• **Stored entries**

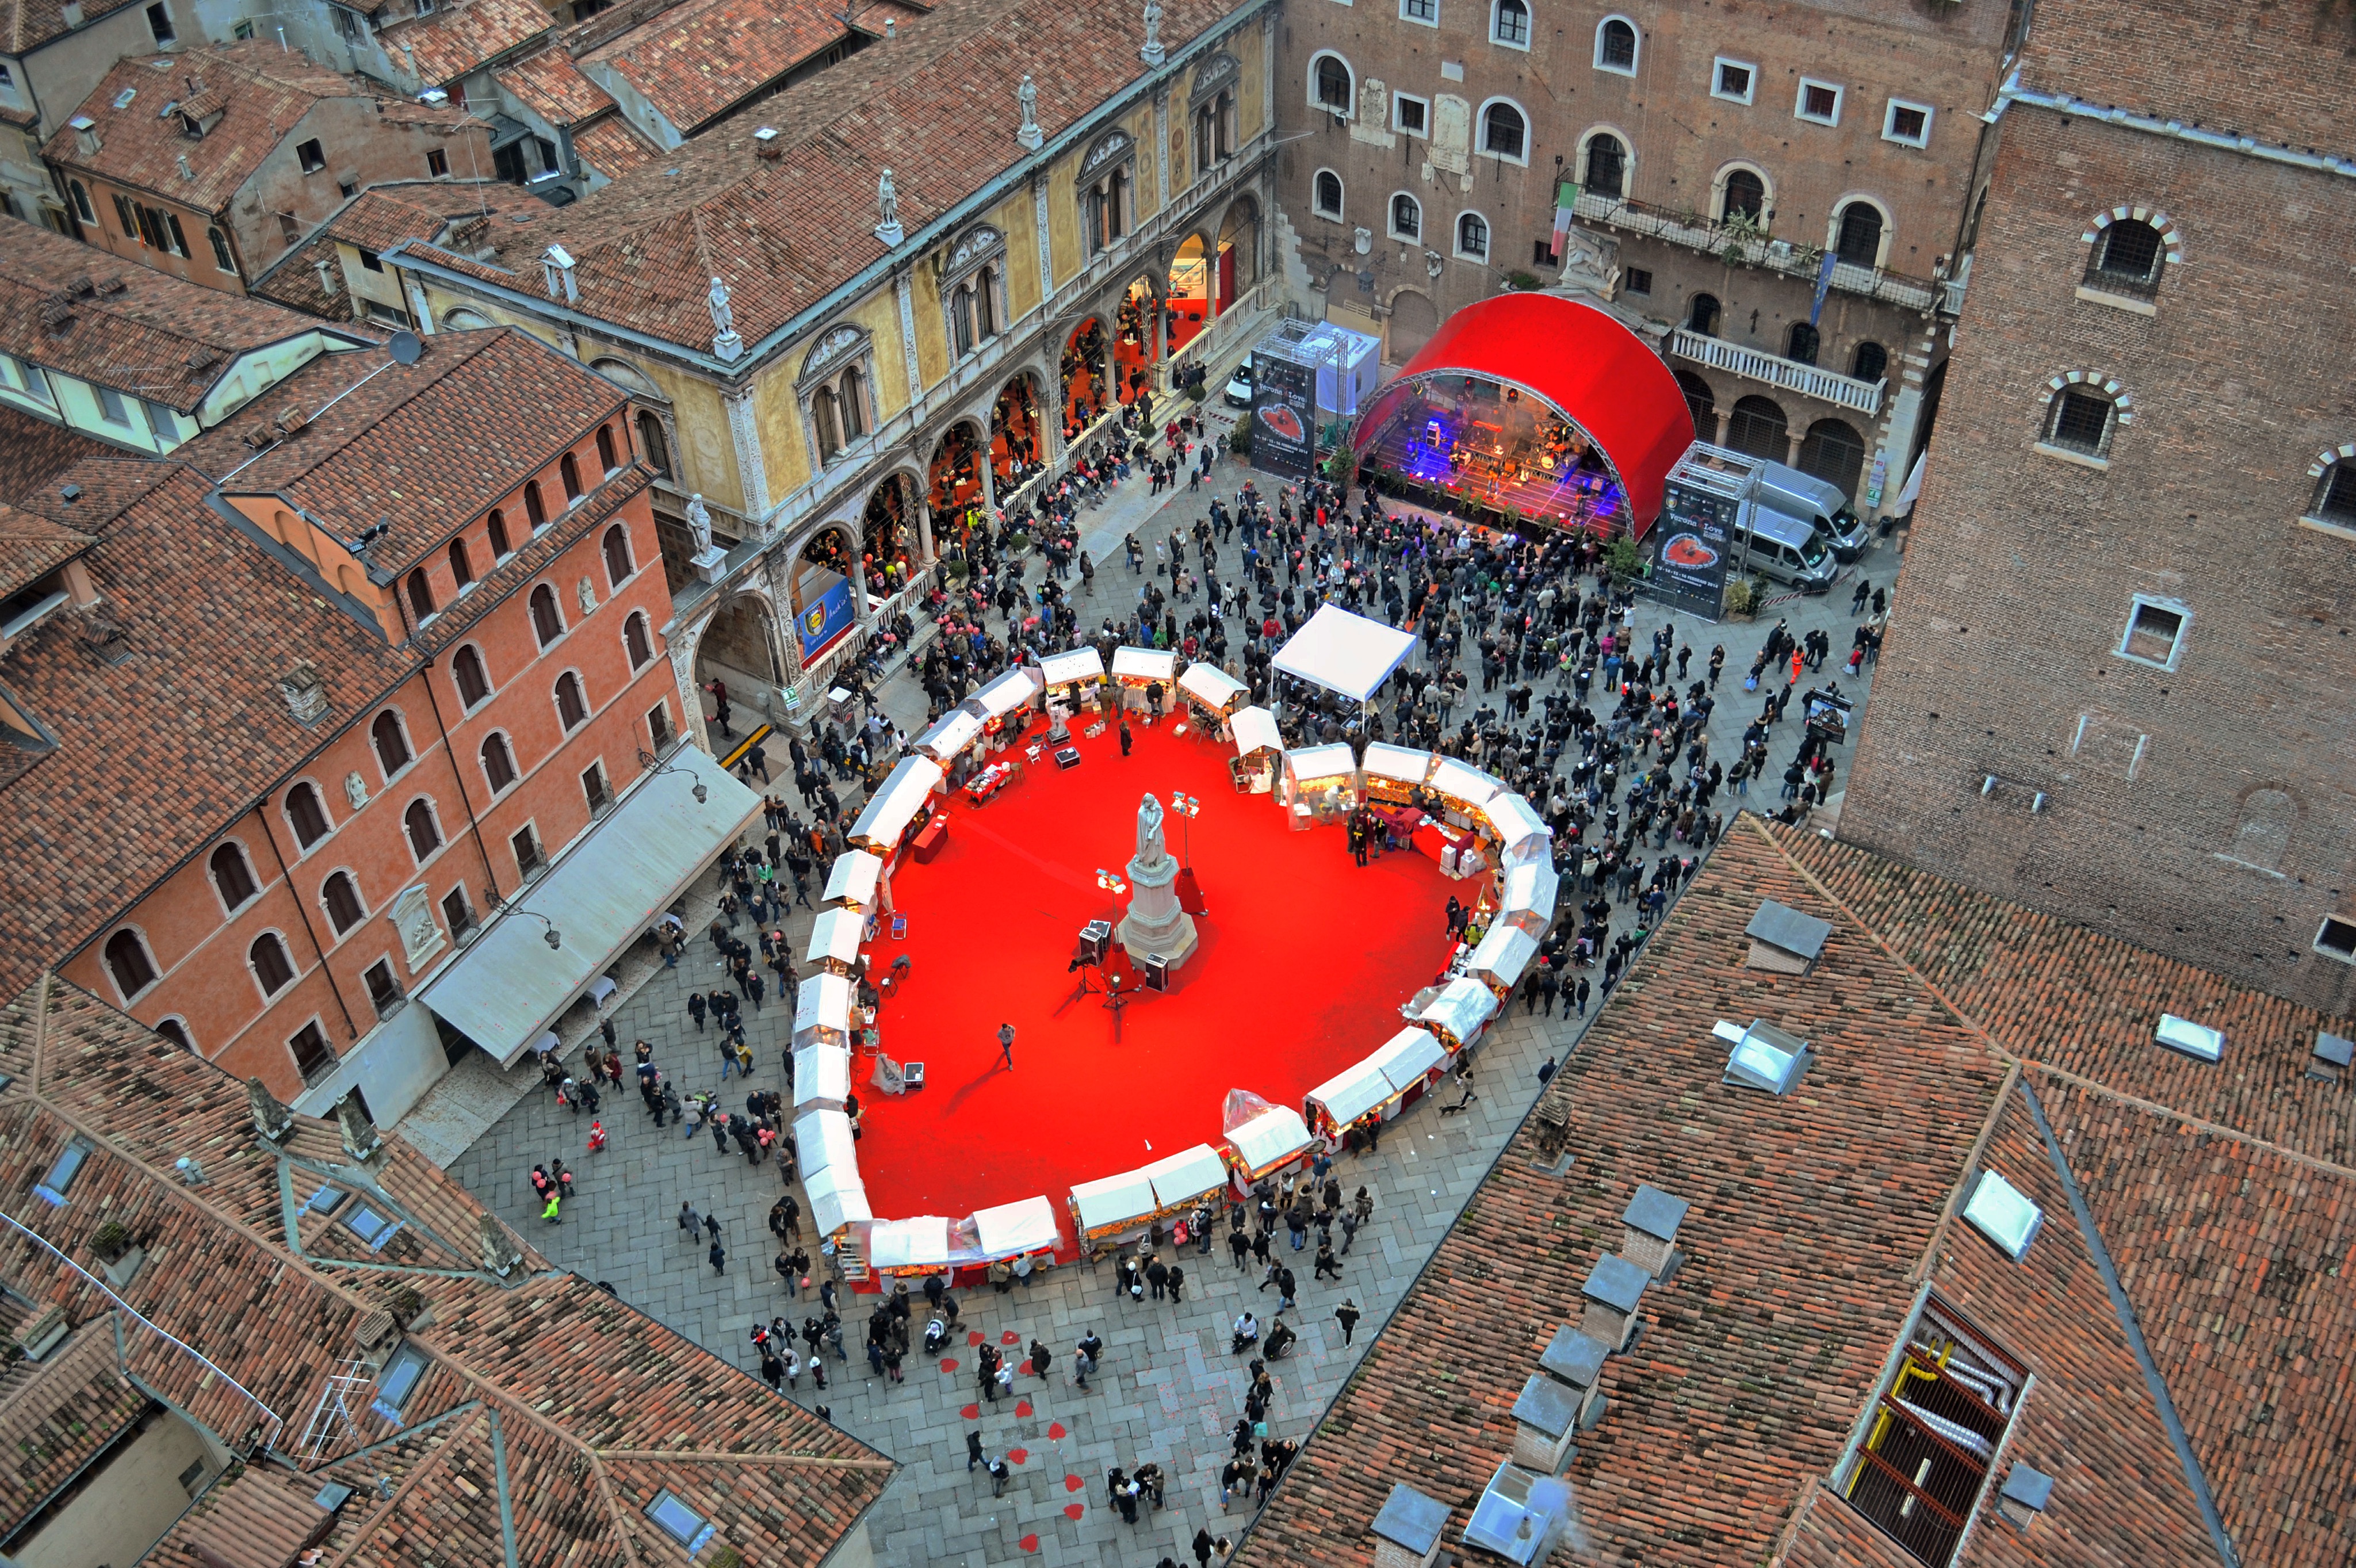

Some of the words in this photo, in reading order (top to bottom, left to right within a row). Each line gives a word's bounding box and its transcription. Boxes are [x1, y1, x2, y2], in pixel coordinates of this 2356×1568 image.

[1259, 383, 1283, 396] Verona
[1288, 391, 1306, 402] Love
[1669, 513, 1697, 527] Verona
[1703, 522, 1724, 535] Love
[1810, 718, 1822, 726] GEO

• **What to produce**
Output the records exactly as they appear, skipping any pictures.

• **Response to the exercise**
Some of the words in this photo, in reading order (top to bottom, left to right within a row). Each line gives a word's bounding box and its transcription. Boxes are [x1, y1, x2, y2], in pixel coordinates of this 2356×1568 image.

[1259, 383, 1283, 396] Verona
[1288, 391, 1306, 402] Love
[1669, 513, 1697, 527] Verona
[1703, 522, 1724, 535] Love
[1810, 718, 1822, 726] GEO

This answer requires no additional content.